(Exercise instructions) Set down the entries below exactly, leaving out all images.

(Records supplied)
◇ ◇ ◇ ◇ ◇ ◇ ◇

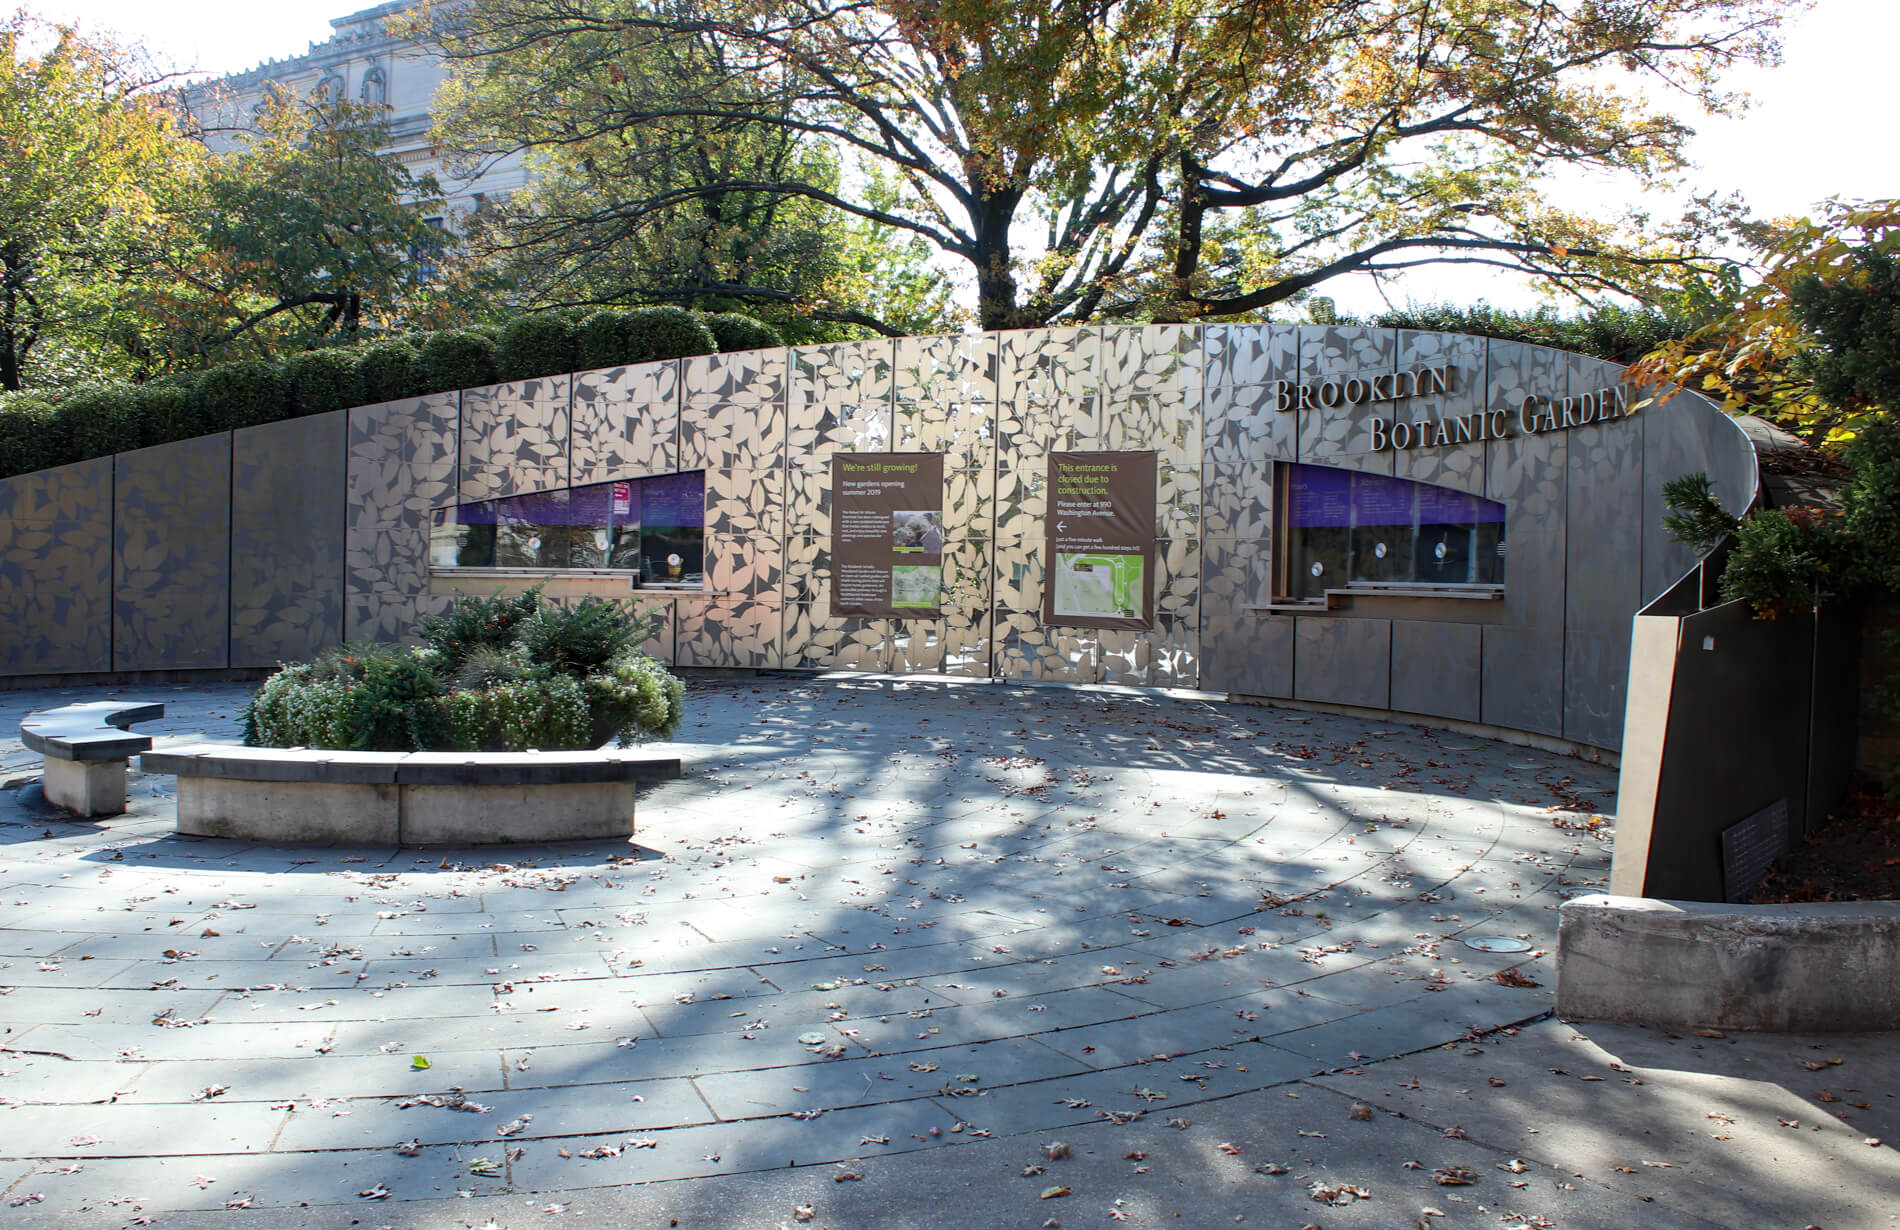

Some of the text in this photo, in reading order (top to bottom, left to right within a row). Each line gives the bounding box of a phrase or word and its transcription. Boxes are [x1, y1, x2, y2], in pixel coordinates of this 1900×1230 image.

[1275, 365, 1449, 412] BROOKLYN
[1370, 383, 1628, 451] BOTANIC GARDEN
[842, 464, 918, 474] We're still growing!
[1058, 464, 1118, 472] This entrance is
[1057, 475, 1110, 483] closed due to
[857, 481, 880, 489] gardens
[881, 481, 905, 489] opening
[1057, 485, 1108, 494] construction.
[1056, 509, 1091, 518] Washington
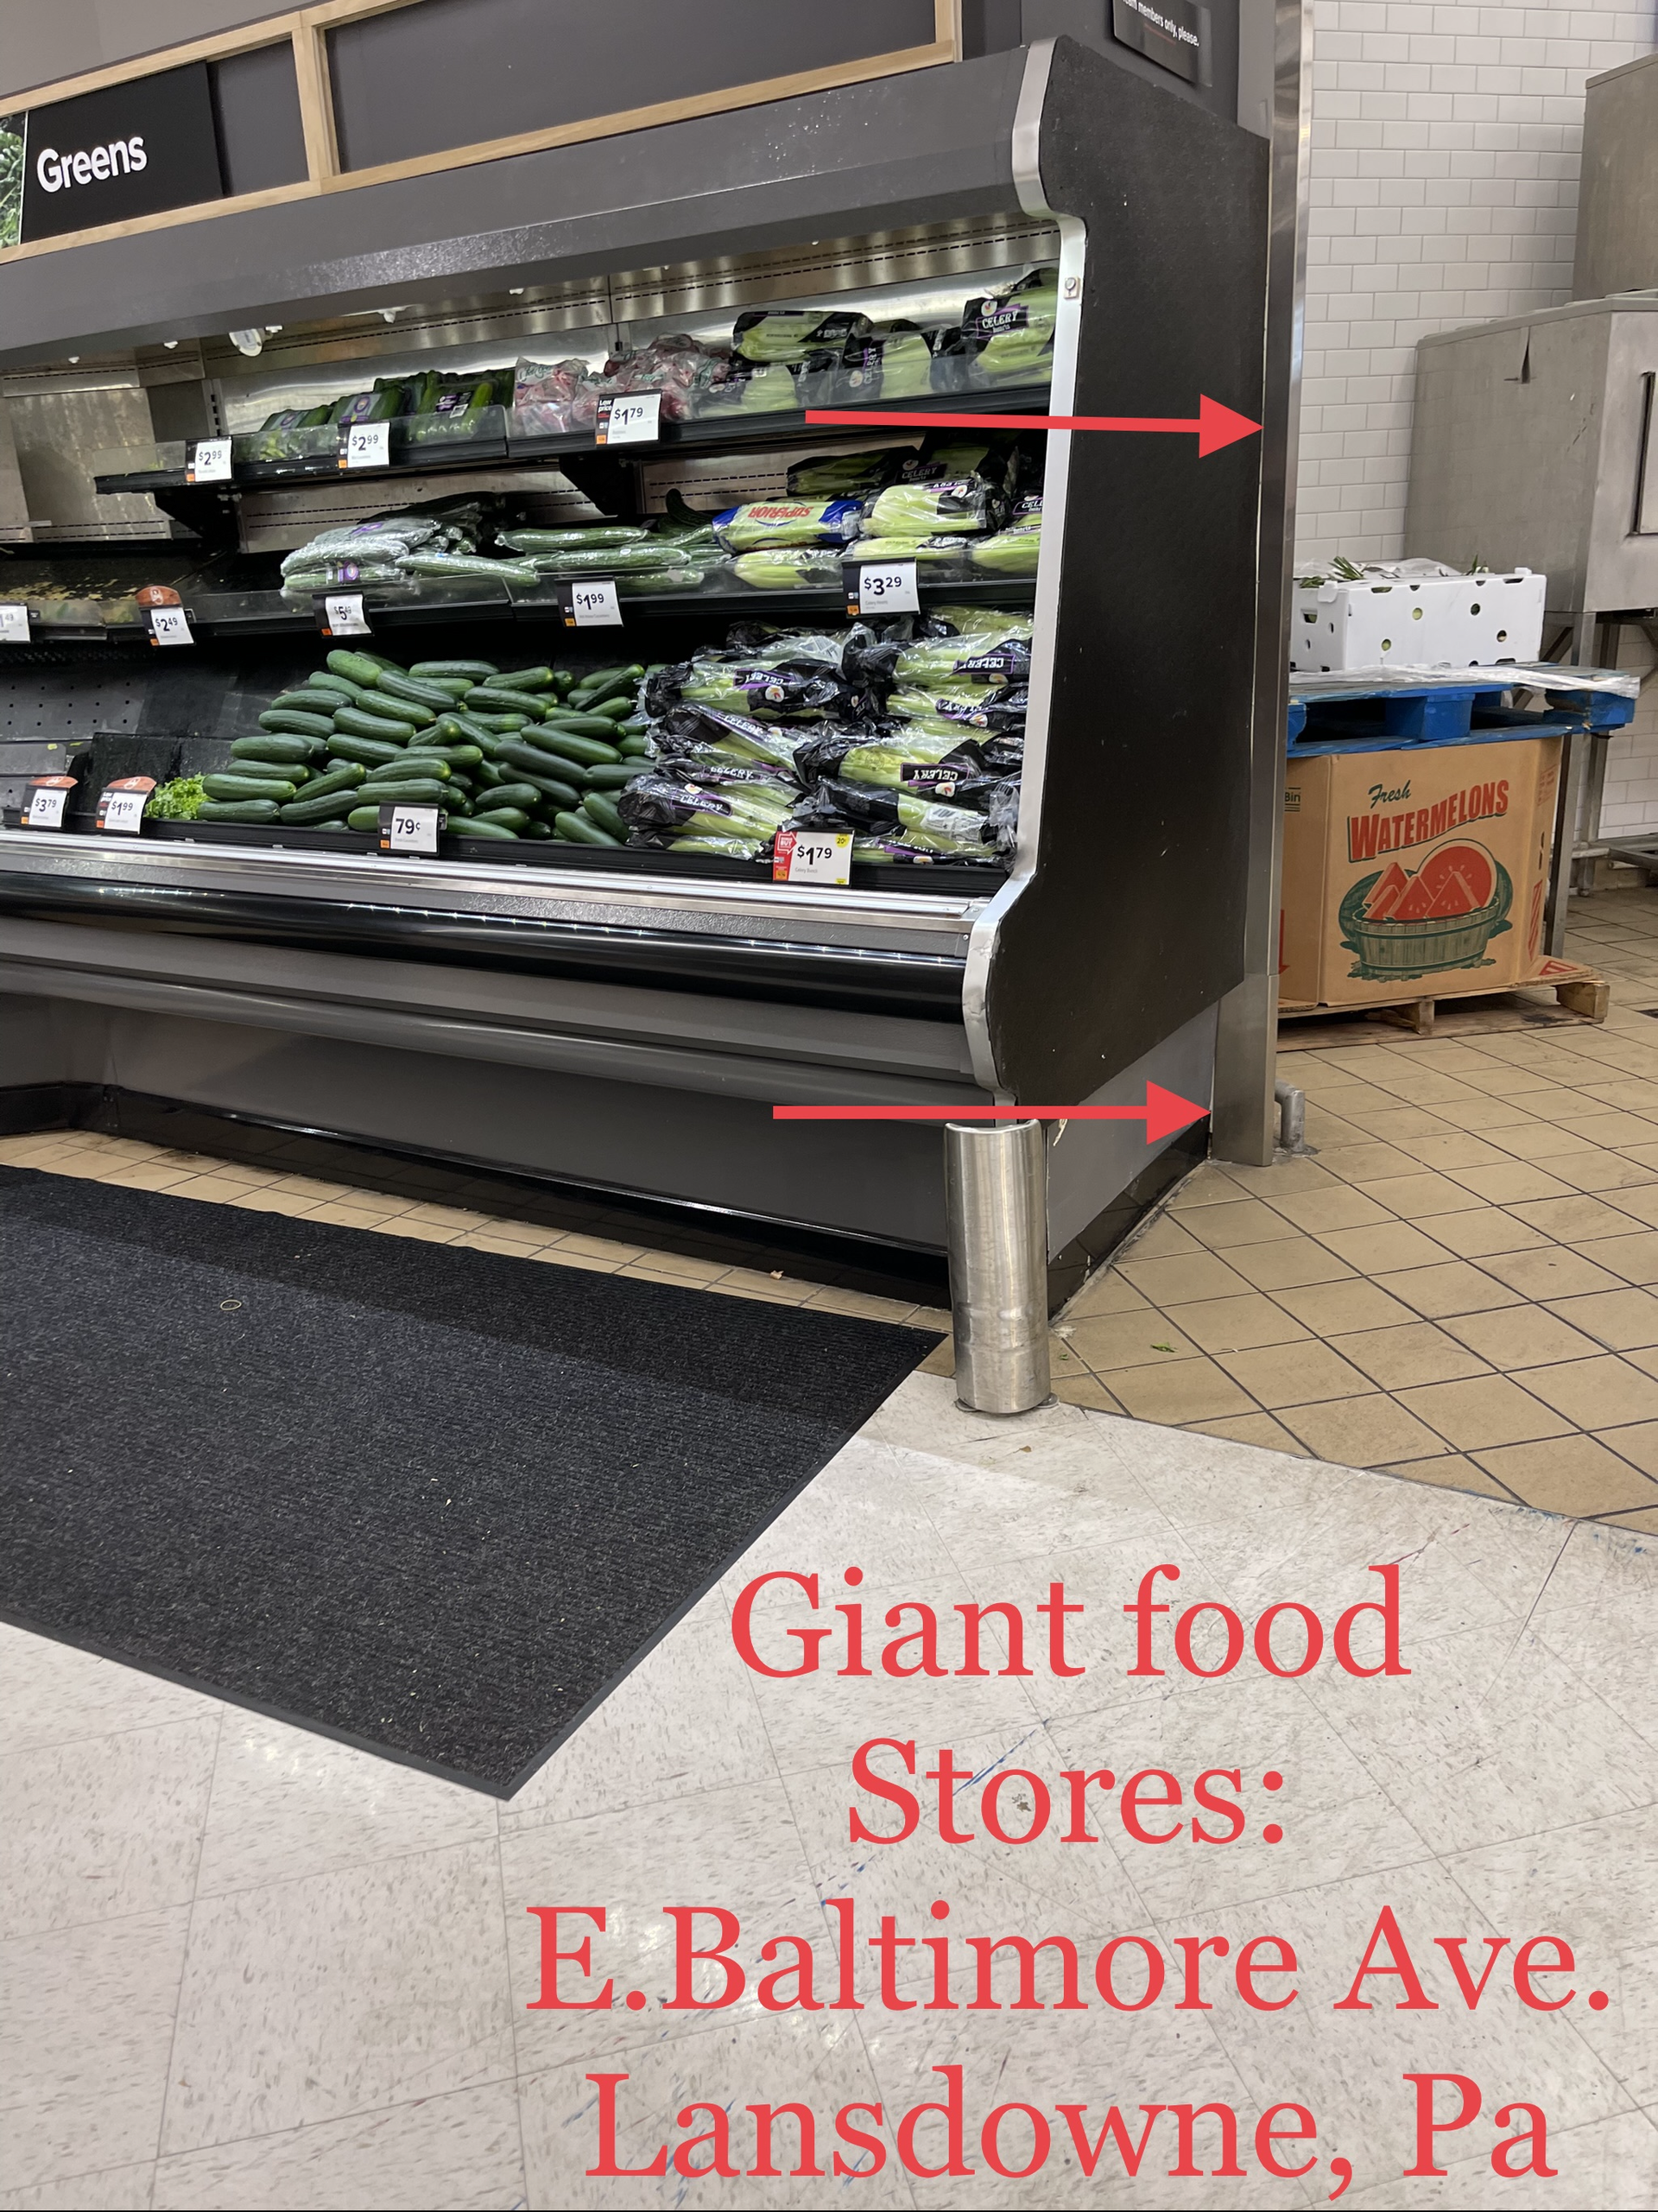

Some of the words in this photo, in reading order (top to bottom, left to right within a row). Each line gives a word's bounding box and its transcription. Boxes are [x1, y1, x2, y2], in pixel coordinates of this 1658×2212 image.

◇ ◇ ◇ ◇ ◇ ◇ ◇

(Solved problem)
Some of the text in this photo, in reading order (top to bottom, left to right within a row). Each line gives the bounding box of a phrase or word and its transcription. Boxes are [x1, y1, x2, y2], in pixel coordinates of this 1900×1230 image.

[1275, 365, 1449, 412] BROOKLYN
[1370, 383, 1628, 451] BOTANIC GARDEN
[842, 464, 918, 474] We're still growing!
[1058, 464, 1118, 472] This entrance is
[1057, 475, 1110, 483] closed due to
[857, 481, 880, 489] gardens
[881, 481, 905, 489] opening
[1057, 485, 1108, 494] construction.
[1056, 509, 1091, 518] Washington

Some of the words in this photo, in reading order (top to bottom, left to right within a row). Each line gives a word's bounding box and its transcription. Boxes are [x1, y1, x2, y2], in pixel coordinates of this 1658×2212 image.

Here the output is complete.